▶ **TO DO**:
The whole listing is to be returned exactly.

▶ **RECORDS PROVIDED**:
^^^^^^^^

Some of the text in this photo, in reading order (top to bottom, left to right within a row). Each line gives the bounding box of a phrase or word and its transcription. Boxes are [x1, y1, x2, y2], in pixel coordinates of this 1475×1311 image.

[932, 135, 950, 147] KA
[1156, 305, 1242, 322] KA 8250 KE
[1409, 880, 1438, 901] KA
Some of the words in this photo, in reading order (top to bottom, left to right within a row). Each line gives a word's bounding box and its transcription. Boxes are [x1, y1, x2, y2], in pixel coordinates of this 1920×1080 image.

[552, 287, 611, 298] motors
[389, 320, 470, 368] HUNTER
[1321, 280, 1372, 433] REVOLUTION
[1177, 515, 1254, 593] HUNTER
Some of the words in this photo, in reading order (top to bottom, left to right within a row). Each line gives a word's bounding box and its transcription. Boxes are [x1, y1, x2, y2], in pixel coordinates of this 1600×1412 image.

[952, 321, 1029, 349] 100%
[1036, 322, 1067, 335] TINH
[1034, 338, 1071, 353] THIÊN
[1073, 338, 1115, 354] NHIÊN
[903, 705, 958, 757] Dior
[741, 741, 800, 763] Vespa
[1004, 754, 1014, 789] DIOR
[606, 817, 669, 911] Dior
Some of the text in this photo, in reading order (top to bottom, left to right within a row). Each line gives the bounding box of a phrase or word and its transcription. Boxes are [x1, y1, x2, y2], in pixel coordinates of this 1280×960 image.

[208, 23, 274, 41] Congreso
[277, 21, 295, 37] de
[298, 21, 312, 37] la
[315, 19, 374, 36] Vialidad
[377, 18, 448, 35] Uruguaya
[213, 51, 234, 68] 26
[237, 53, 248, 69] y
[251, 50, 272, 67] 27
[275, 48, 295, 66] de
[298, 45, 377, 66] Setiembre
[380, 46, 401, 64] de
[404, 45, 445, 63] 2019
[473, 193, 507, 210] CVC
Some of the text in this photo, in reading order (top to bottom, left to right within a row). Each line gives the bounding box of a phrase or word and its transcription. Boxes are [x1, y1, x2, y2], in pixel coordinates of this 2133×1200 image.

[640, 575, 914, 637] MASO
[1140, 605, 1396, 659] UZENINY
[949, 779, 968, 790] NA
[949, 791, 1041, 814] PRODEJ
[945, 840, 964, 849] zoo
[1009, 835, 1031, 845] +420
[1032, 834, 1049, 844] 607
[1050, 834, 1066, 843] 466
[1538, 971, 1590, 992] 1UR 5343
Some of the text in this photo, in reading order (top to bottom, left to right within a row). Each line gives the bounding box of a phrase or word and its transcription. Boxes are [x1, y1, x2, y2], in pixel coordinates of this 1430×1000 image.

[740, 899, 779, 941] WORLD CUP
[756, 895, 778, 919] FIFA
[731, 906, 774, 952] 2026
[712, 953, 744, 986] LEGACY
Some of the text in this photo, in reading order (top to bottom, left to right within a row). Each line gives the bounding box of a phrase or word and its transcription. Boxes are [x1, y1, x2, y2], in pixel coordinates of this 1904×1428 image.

^^^^^^^^

▶ **FINISHED EXERCISE**:
Some of the text in this photo, in reading order (top to bottom, left to right within a row). Each line gives the bounding box of a phrase or word and its transcription. Boxes are [x1, y1, x2, y2], in pixel coordinates of this 1475×1311 image.

[932, 135, 950, 147] KA
[1156, 305, 1242, 322] KA 8250 KE
[1409, 880, 1438, 901] KA
Some of the words in this photo, in reading order (top to bottom, left to right within a row). Each line gives a word's bounding box and its transcription. Boxes are [x1, y1, x2, y2], in pixel coordinates of this 1920×1080 image.

[552, 287, 611, 298] motors
[389, 320, 470, 368] HUNTER
[1321, 280, 1372, 433] REVOLUTION
[1177, 515, 1254, 593] HUNTER
Some of the words in this photo, in reading order (top to bottom, left to right within a row). Each line gives a word's bounding box and its transcription. Boxes are [x1, y1, x2, y2], in pixel coordinates of this 1600×1412 image.

[952, 321, 1029, 349] 100%
[1036, 322, 1067, 335] TINH
[1034, 338, 1071, 353] THIÊN
[1073, 338, 1115, 354] NHIÊN
[903, 705, 958, 757] Dior
[741, 741, 800, 763] Vespa
[1004, 754, 1014, 789] DIOR
[606, 817, 669, 911] Dior
Some of the text in this photo, in reading order (top to bottom, left to right within a row). Each line gives the bounding box of a phrase or word and its transcription. Boxes are [x1, y1, x2, y2], in pixel coordinates of this 1280×960 image.

[208, 23, 274, 41] Congreso
[277, 21, 295, 37] de
[298, 21, 312, 37] la
[315, 19, 374, 36] Vialidad
[377, 18, 448, 35] Uruguaya
[213, 51, 234, 68] 26
[237, 53, 248, 69] y
[251, 50, 272, 67] 27
[275, 48, 295, 66] de
[298, 45, 377, 66] Setiembre
[380, 46, 401, 64] de
[404, 45, 445, 63] 2019
[473, 193, 507, 210] CVC
Some of the text in this photo, in reading order (top to bottom, left to right within a row). Each line gives the bounding box of a phrase or word and its transcription. Boxes are [x1, y1, x2, y2], in pixel coordinates of this 2133×1200 image.

[640, 575, 914, 637] MASO
[1140, 605, 1396, 659] UZENINY
[949, 779, 968, 790] NA
[949, 791, 1041, 814] PRODEJ
[945, 840, 964, 849] zoo
[1009, 835, 1031, 845] +420
[1032, 834, 1049, 844] 607
[1050, 834, 1066, 843] 466
[1538, 971, 1590, 992] 1UR 5343
Some of the text in this photo, in reading order (top to bottom, left to right within a row). Each line gives the bounding box of a phrase or word and its transcription. Boxes are [x1, y1, x2, y2], in pixel coordinates of this 1430×1000 image.

[740, 899, 779, 941] WORLD CUP
[756, 895, 778, 919] FIFA
[731, 906, 774, 952] 2026
[712, 953, 744, 986] LEGACY
Some of the text in this photo, in reading order (top to bottom, left to right within a row). Each line gives the bounding box of a phrase or word and its transcription. Boxes are [x1, y1, x2, y2], in pixel coordinates of this 1904×1428 image.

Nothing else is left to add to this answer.